セクシュアリティ・婚姻・親密性

0.レポート概要

 このレポートでは、セクシュアリティと婚姻に結びつきかたの近代から今日にいたるまでの有りようについて、フーコーの『知への意志(性の歴史 第一巻)』での議論の、そのうちとくに婚姻の装置について論じた箇所と、ギデンズの『親密性の変容』での、夫婦関係の変化および「純粋な関係性」への親密性の変容の議論を参照、比較する。
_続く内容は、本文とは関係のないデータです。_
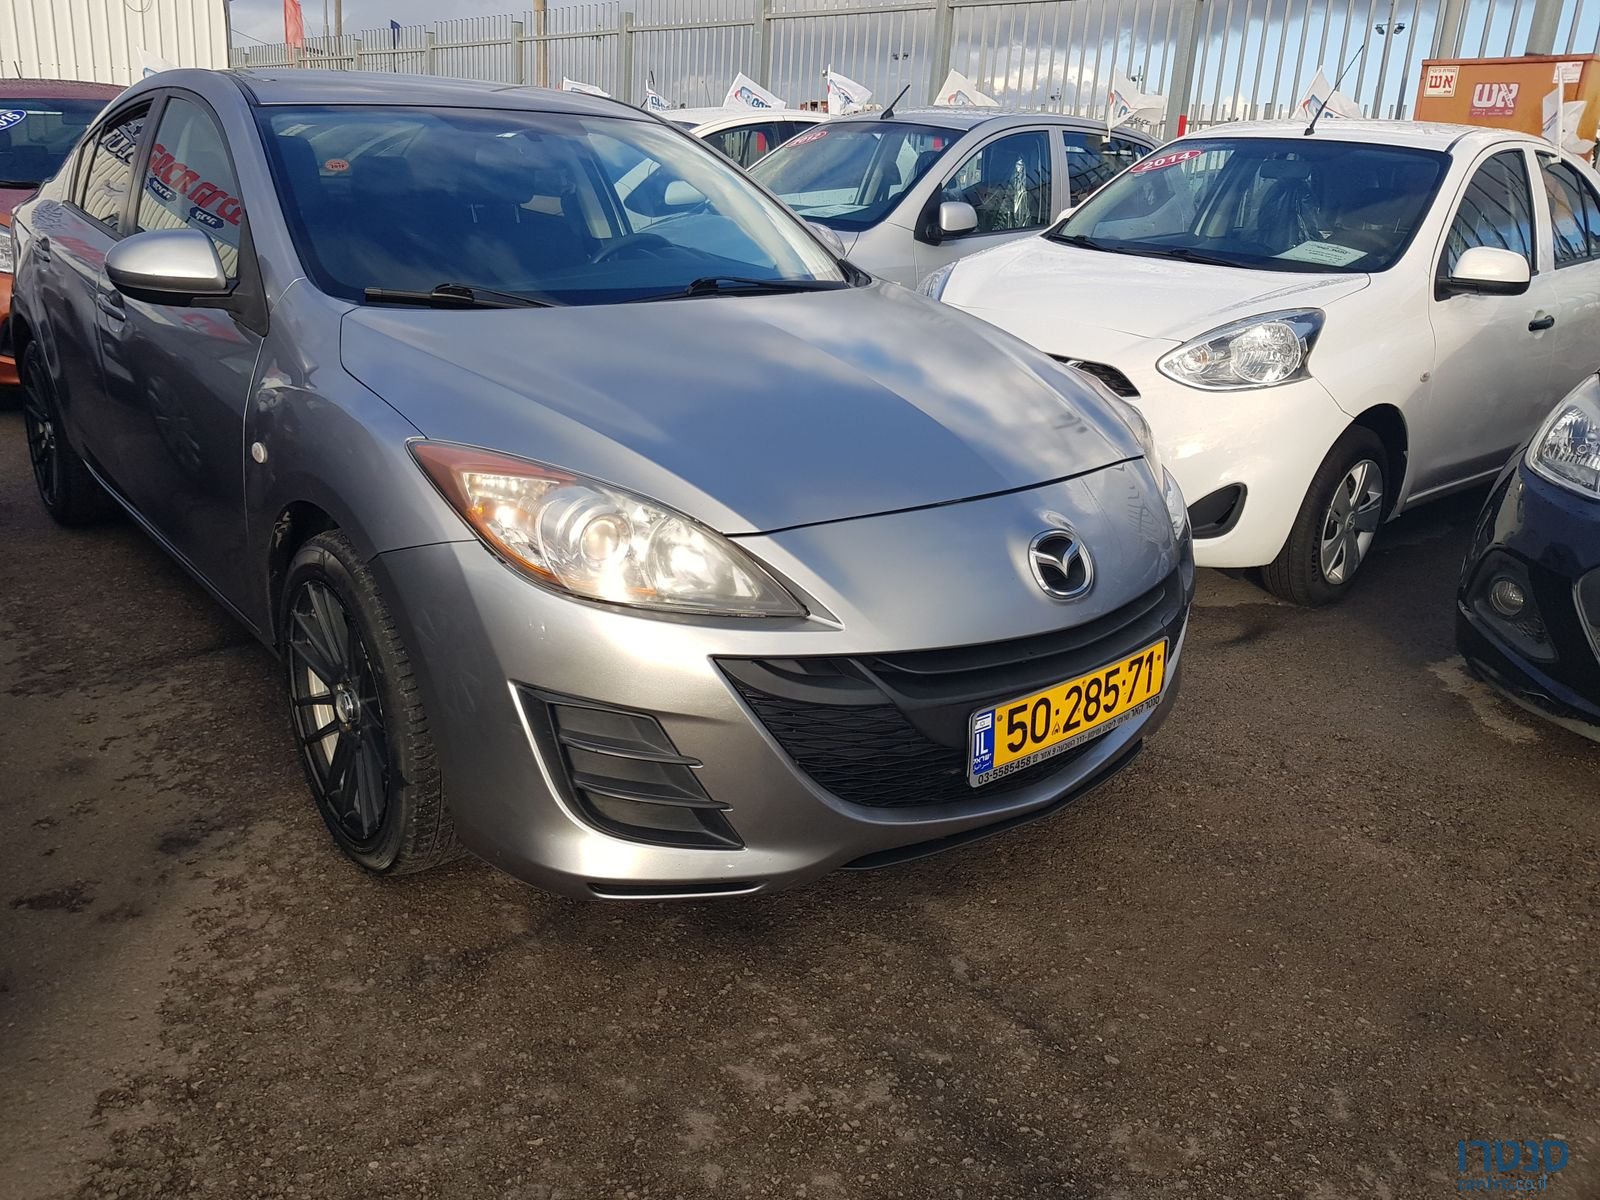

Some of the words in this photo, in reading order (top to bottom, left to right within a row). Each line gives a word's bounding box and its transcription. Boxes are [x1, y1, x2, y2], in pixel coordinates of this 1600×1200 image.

[1429, 75, 1454, 88] אש
[1473, 83, 1519, 108] אש
[0, 112, 21, 127] 015
[1142, 152, 1191, 170] 2014
[1131, 704, 1144, 717] קאר
[1145, 696, 1160, 709] סנטר
[976, 732, 989, 756] IL
[978, 756, 1031, 784] 03-5585458
また、その上で、今日の社会における性、恋愛、結婚、コミュニケーションにまつわる現象について考えてみる。

1.フーコー『知への意志』:婚姻の装置

 フーコーは『知への意志』で、「人間の歴史において性は抑圧されてきたと思われがちであるがそれは誤りで、それどころかむしろ秘め事“として”発達してきたのだ」ということを示して見せた。近代以降、性に関する知が、性を秘め事=「告解されるべきもの」として構成し、そして統治権力が性に関する知を極めて密度の高い通過点として利用し、ひとの内面に作用してきたのである。
 フーコーは『知への意志』の第四章第三節「領域」で、18世紀以降の性についての知と権力の戦略を大きく四つ挙げている。「女の身体のヒステリー化」、「子供の性の教育化」、「生殖行為の社会的管理化」、「倒錯的快楽の精神医学への組み込み」だ。この四つは絡み合って進行していくが、このうち、本レポートでとくに注目したいのは、「生殖行為の社会的管理化」である。
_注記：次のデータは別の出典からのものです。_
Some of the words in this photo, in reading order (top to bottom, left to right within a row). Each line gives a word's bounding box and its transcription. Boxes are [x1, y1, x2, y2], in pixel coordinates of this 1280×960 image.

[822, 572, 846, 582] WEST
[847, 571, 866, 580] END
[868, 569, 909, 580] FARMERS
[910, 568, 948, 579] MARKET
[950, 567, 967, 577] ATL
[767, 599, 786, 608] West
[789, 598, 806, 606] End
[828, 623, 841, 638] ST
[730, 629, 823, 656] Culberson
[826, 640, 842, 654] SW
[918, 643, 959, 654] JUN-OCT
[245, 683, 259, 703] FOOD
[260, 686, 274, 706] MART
 「生殖行為の社会的管理化:経済的社会管理は、夫婦の生殖能力に対する「社会管理的」あるいは国庫財政上の措置を介してもたらされる教唆あるいは制御という側面によって勧められる。政治的社会管理は、社会集団全体に対する夫婦の責任を明確にすることによって実現される(それを限定するにせよ、反対に強化するにせよである)。(※1)」

 統治権力が生殖行為を社会的に管理しようとするのは、それが社会の自立的内部平衡(ホメオスタシス)に関わるからである。結婚、夫婦、家族という仕組み=婚姻の装置は、「生殖=(労働力の)再生産」の役割を負っている。婚姻の装置が強く働いている社会では、「正常な」性行為とは夫婦間のそれであり、つまり生殖につながるそれである。このような規範の内面化、再生産を通じて、社会のホメオスタシスは保たれてきた。フーコーは、性・結婚・生殖がなぜ、そしてどのように結びついてきたのかを語ったと言えるだろう。

2.ギデンズ『親密性の変容』

 『親密性の変容』でギデンズは、フーコーの『知への意志』を批判的に参照しつつ、近代から今日にいたるまでの性、婚姻、そして「親密性」について論じた。ここでは『親密性の変容』の性、婚姻、親密性についての議論のうち、ロマンティック・ラブの登場に関する説明と、今日における親密性の「純粋な関係性」化の進行に関する説明について分けてまとめてみる。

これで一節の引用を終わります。